I don't need you to call white supremacists "terrorists." I need you to dismantle white supremacy

WASHINGTON, DC - MARCH 17: Activists participate in a vigil in response to the Atlanta spa shootings...
Alex Wong/Getty Images News/Getty Images
Impact

On Tuesday, a white gunman killed eight people in a string of shootings at three massage parlors located in and around Atlanta. Although officials have yet to publicly identify all of the victims, six of the people killed were Asian women. However, following his arrest, the gunman reportedly claimed to police that his attacks were not motivated by race, but instead by a self-proclaimed "sex addiction."

The shooter's own narrative has been swallowed and regurgitated uncritically by law enforcement and the media alike. Capt. Jay Baker of the Cherokee County Sheriff's Office said at a news conference, "The suspect did take responsibility for the shooting. It's a temptation for him that he wanted to eliminate." In reference to the shooter, Baker also said, "He was pretty much fed up and kind of at the end of his rope, and yesterday was a really bad day for him, and this is what he did."

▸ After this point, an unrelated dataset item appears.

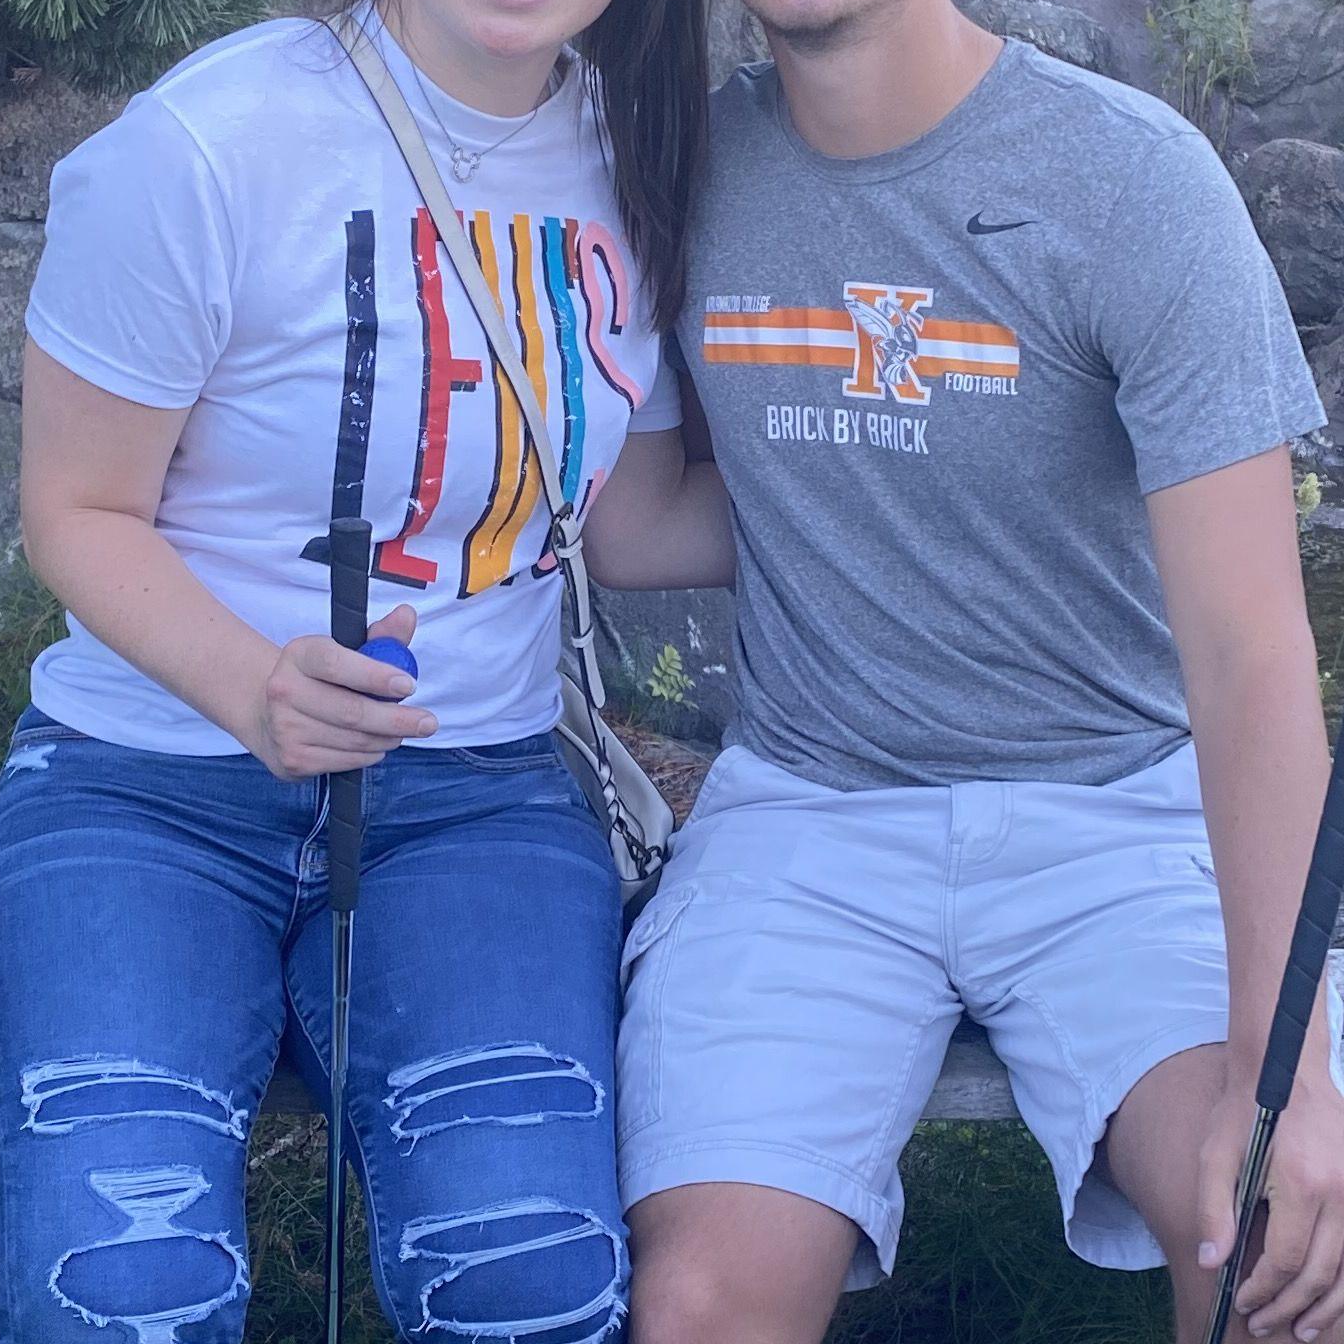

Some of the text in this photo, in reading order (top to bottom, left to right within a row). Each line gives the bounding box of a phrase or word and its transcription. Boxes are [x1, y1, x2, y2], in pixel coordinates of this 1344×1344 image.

[841, 281, 935, 406] K
[945, 372, 1019, 396] FOOTBALL
[766, 404, 930, 455] BRICK BY BRICK

While officials appeared quick to downplay the gunman's actions, others are making clear that it's no coincidence that he mostly killed Asian women. Amongst these narrative corrections, many are attempting to reorient how the shootings are viewed with calls for the attacks to be described as "racial terrorism". The moment joins countless other pushes to refer to white supremacists, and their actions, as domestic terrorism. The same trend surfaced earlier this year, when supporters of former President Donald Trump stormed Capitol Hill on Jan. 6.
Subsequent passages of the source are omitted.